There is a knock on the door and whoever it is doesn’t wait for an answer before coming in. Die, restart, die, restart, die, restart.
Something something bins.
Die, restart, die, restart, die, restart, die, restart.
Can you something something please?
Die, restart, die, Restart, die, restart. But it’s not enough. Each death has a death screen, each death is summarised in a post-mortem score of failure, and the spell is broken.
Jefferson please!
It’s Mum. One more go.
Please, come and do the bins!
Restart, die.
Why can’t Logan do it?
And there,
just like that,
the words are out and free to do their evil.
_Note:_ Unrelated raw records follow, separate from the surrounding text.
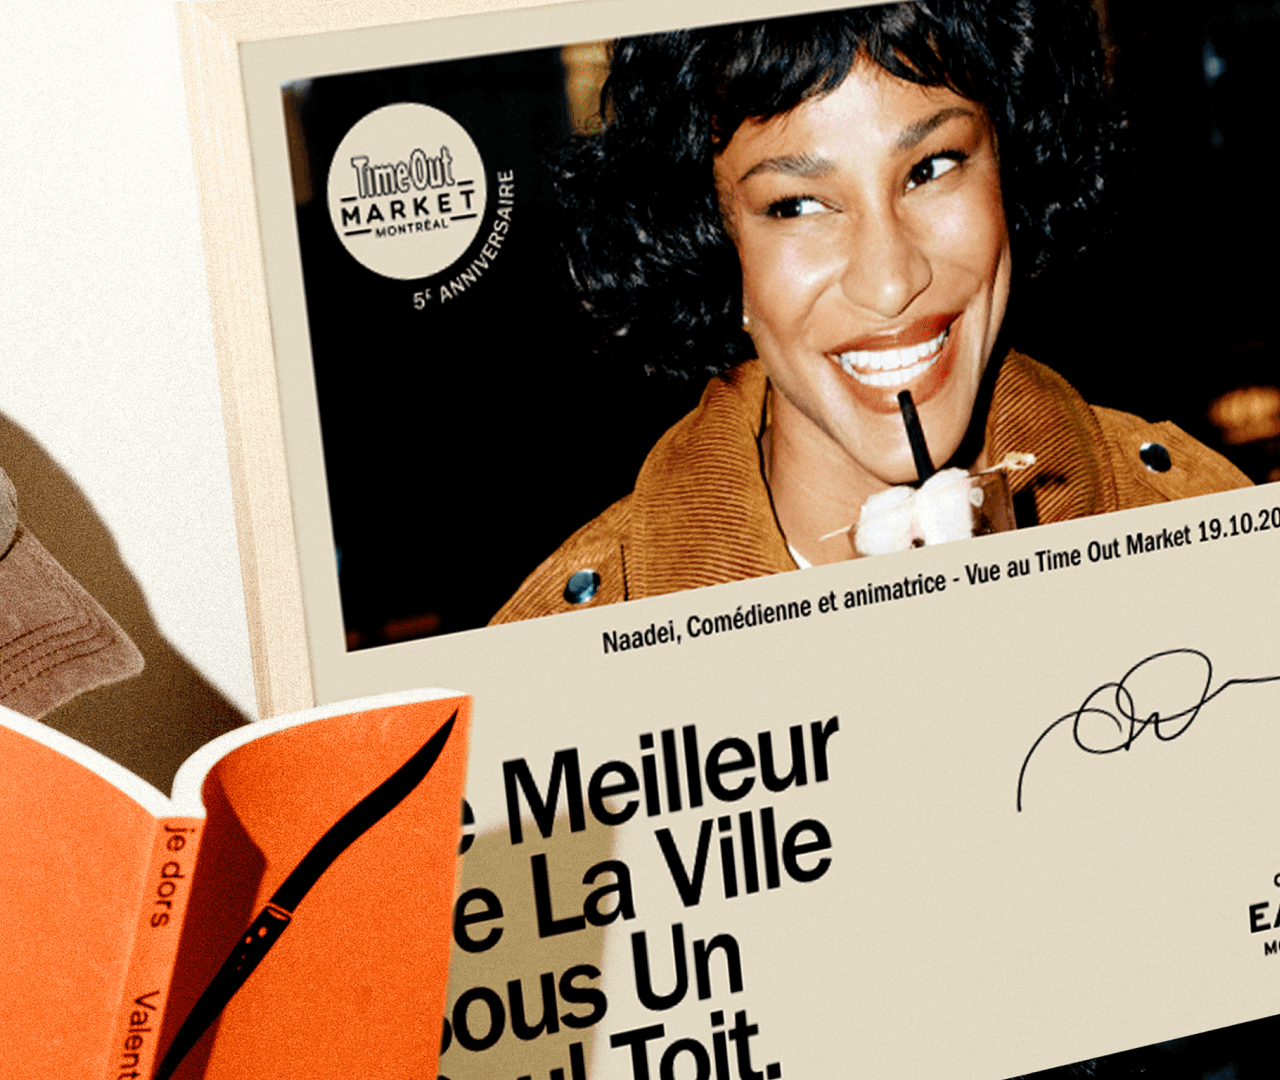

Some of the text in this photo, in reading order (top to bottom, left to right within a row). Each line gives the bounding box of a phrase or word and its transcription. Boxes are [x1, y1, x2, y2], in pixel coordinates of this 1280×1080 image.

[340, 190, 475, 226] MARKET
[375, 218, 449, 238] MONTRÉAL
[439, 169, 515, 304] ANNIVERSAIRE
[602, 507, 1280, 655] Naadei, Comédienne et animatrice Vue au Time Out Market 19.10.20
[164, 825, 195, 852] je
[503, 716, 840, 845] Meilleur
[149, 861, 186, 929] dors
[530, 806, 833, 939] La Ville
[439, 922, 744, 1056] ous Un
I gasp and feel sick and say sorry sorry sorry and as she gathers me in I feel the weight of all the hurt I’m yet to feel. Every paralysing moment of fear I am still to experience, every stomach turn, coalesces into a single awful leaden lump. Every yawning moment of loneliness, every future twang of physical pain, every trauma, twists and grips my spine so that I struggle to catch my breath and then Mum squeezes me even tighter and it almost comes out, the reaction everyone has been waiting for. But it doesn’t, because this isn’t grief. It’s guilt.
Lamp off.
In the dark I can’t imagine colours and it is a relief.